Task directions:
Write the data out again exactly, with no pictures.

(Collected data)

▬▬▬▬▬▬

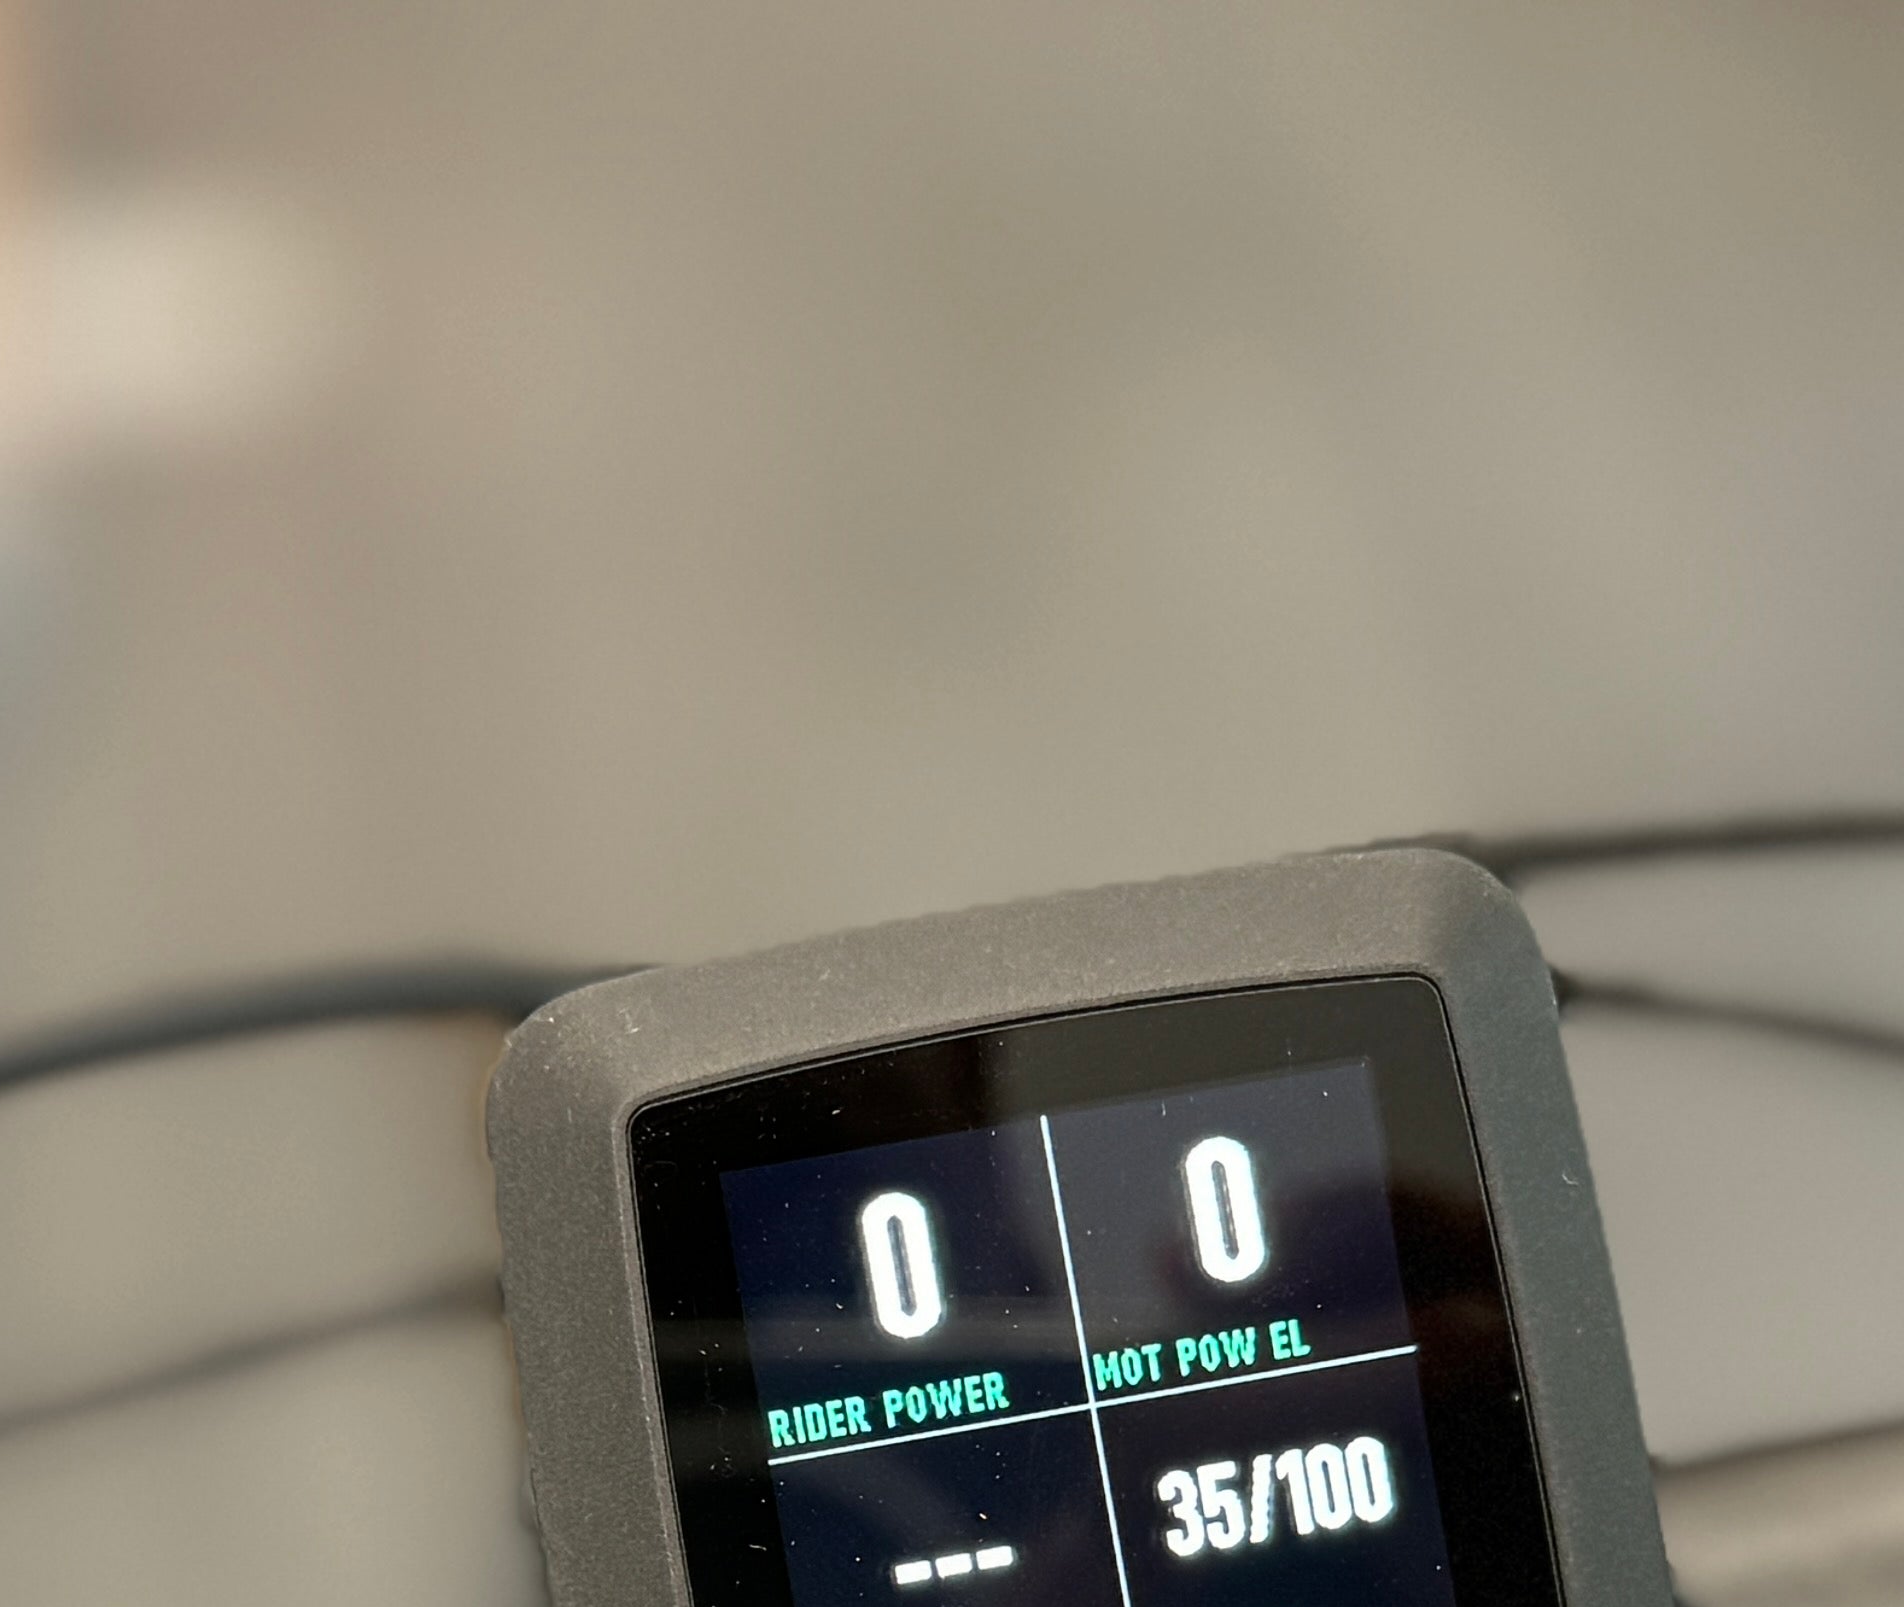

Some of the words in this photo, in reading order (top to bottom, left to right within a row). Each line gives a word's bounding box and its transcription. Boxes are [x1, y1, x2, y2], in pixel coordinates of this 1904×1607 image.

[860, 1192, 943, 1340] 0
[1181, 1136, 1267, 1283] 0
[768, 1398, 871, 1449] RIDER
[883, 1373, 1009, 1427] POWER
[1093, 1344, 1161, 1391] MOT
[1176, 1329, 1259, 1378] POW
[1270, 1320, 1311, 1360] EL
[1157, 1436, 1394, 1557] 35/100
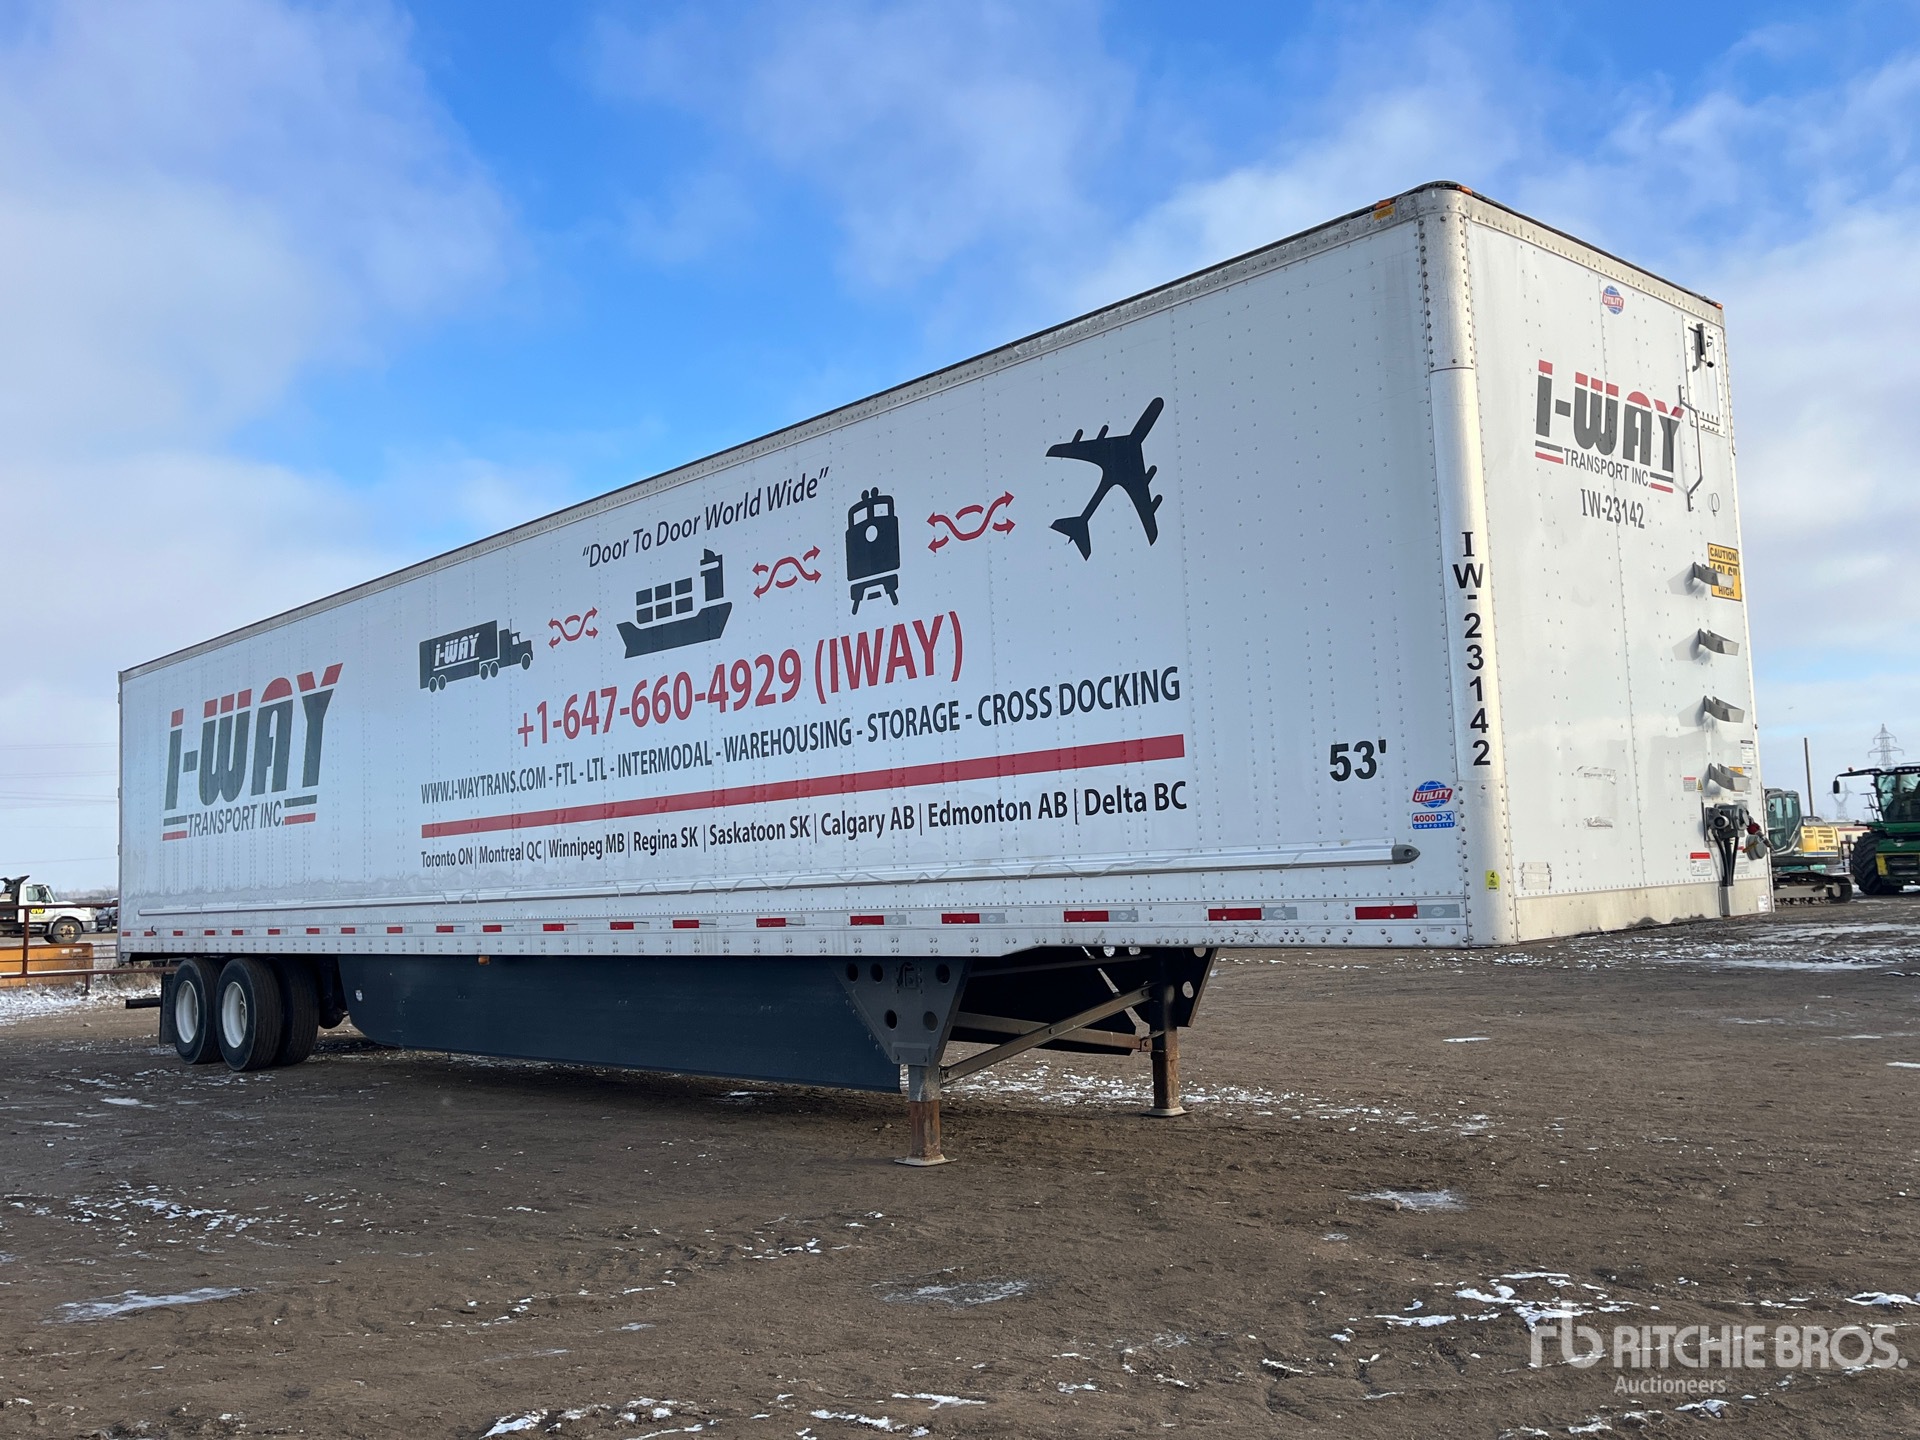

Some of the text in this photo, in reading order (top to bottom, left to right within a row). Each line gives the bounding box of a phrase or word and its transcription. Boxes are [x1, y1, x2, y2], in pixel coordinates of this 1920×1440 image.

[1564, 447, 1652, 488] TRANSPORT INC.
[634, 527, 652, 554] To
[656, 514, 701, 547] Door
[705, 486, 761, 531] World
[1580, 488, 1646, 529] IW-23142
[1709, 547, 1738, 562] CAUTION
[1718, 586, 1735, 597] HIGH
[517, 611, 963, 747] +1-647-660-4929 (IWAY)
[421, 766, 547, 804] WWW.I-WAYTRANS.COM
[555, 762, 577, 787] FTL
[587, 757, 607, 783] LTL
[617, 740, 713, 778] INTERMODAL
[724, 717, 852, 765] WAREHOUSING
[867, 699, 960, 743] STORAGE
[977, 686, 1052, 727] CROSS
[1058, 666, 1181, 717] DOCKING
[1329, 739, 1387, 782] 53'
[1414, 789, 1452, 802] UTILITY
[186, 801, 285, 838] TRANSPORT INC.
[421, 849, 457, 868] Toronto
[458, 847, 473, 865] ON
[479, 841, 524, 864] Montreal
[526, 840, 542, 861] QC
[549, 835, 603, 861] Winnipeg
[605, 832, 625, 854] MB
[633, 830, 678, 855] Regina
[681, 826, 699, 848] SK
[709, 817, 786, 846] Saskatoon
[789, 813, 811, 839] SK
[821, 807, 886, 841] Calgary
[890, 805, 915, 831] AB
[928, 798, 1032, 828] Edmonton
[1037, 791, 1068, 820] AB
[1084, 784, 1148, 817] Delta
[1154, 781, 1188, 812] BC
[1413, 813, 1453, 823] 4000D-X

▬▬▬▬▬▬

Output for this task:
Some of the words in this photo, in reading order (top to bottom, left to right within a row). Each line gives a word's bounding box and its transcription. Boxes are [x1, y1, x2, y2], in pixel coordinates of this 1904×1607 image.

[860, 1192, 943, 1340] 0
[1181, 1136, 1267, 1283] 0
[768, 1398, 871, 1449] RIDER
[883, 1373, 1009, 1427] POWER
[1093, 1344, 1161, 1391] MOT
[1176, 1329, 1259, 1378] POW
[1270, 1320, 1311, 1360] EL
[1157, 1436, 1394, 1557] 35/100

Some of the text in this photo, in reading order (top to bottom, left to right within a row). Each line gives the bounding box of a phrase or word and its transcription. Boxes are [x1, y1, x2, y2], in pixel coordinates of this 1920×1440 image.

[1564, 447, 1652, 488] TRANSPORT INC.
[634, 527, 652, 554] To
[656, 514, 701, 547] Door
[705, 486, 761, 531] World
[1580, 488, 1646, 529] IW-23142
[1709, 547, 1738, 562] CAUTION
[1718, 586, 1735, 597] HIGH
[517, 611, 963, 747] +1-647-660-4929 (IWAY)
[421, 766, 547, 804] WWW.I-WAYTRANS.COM
[555, 762, 577, 787] FTL
[587, 757, 607, 783] LTL
[617, 740, 713, 778] INTERMODAL
[724, 717, 852, 765] WAREHOUSING
[867, 699, 960, 743] STORAGE
[977, 686, 1052, 727] CROSS
[1058, 666, 1181, 717] DOCKING
[1329, 739, 1387, 782] 53'
[1414, 789, 1452, 802] UTILITY
[186, 801, 285, 838] TRANSPORT INC.
[421, 849, 457, 868] Toronto
[458, 847, 473, 865] ON
[479, 841, 524, 864] Montreal
[526, 840, 542, 861] QC
[549, 835, 603, 861] Winnipeg
[605, 832, 625, 854] MB
[633, 830, 678, 855] Regina
[681, 826, 699, 848] SK
[709, 817, 786, 846] Saskatoon
[789, 813, 811, 839] SK
[821, 807, 886, 841] Calgary
[890, 805, 915, 831] AB
[928, 798, 1032, 828] Edmonton
[1037, 791, 1068, 820] AB
[1084, 784, 1148, 817] Delta
[1154, 781, 1188, 812] BC
[1413, 813, 1453, 823] 4000D-X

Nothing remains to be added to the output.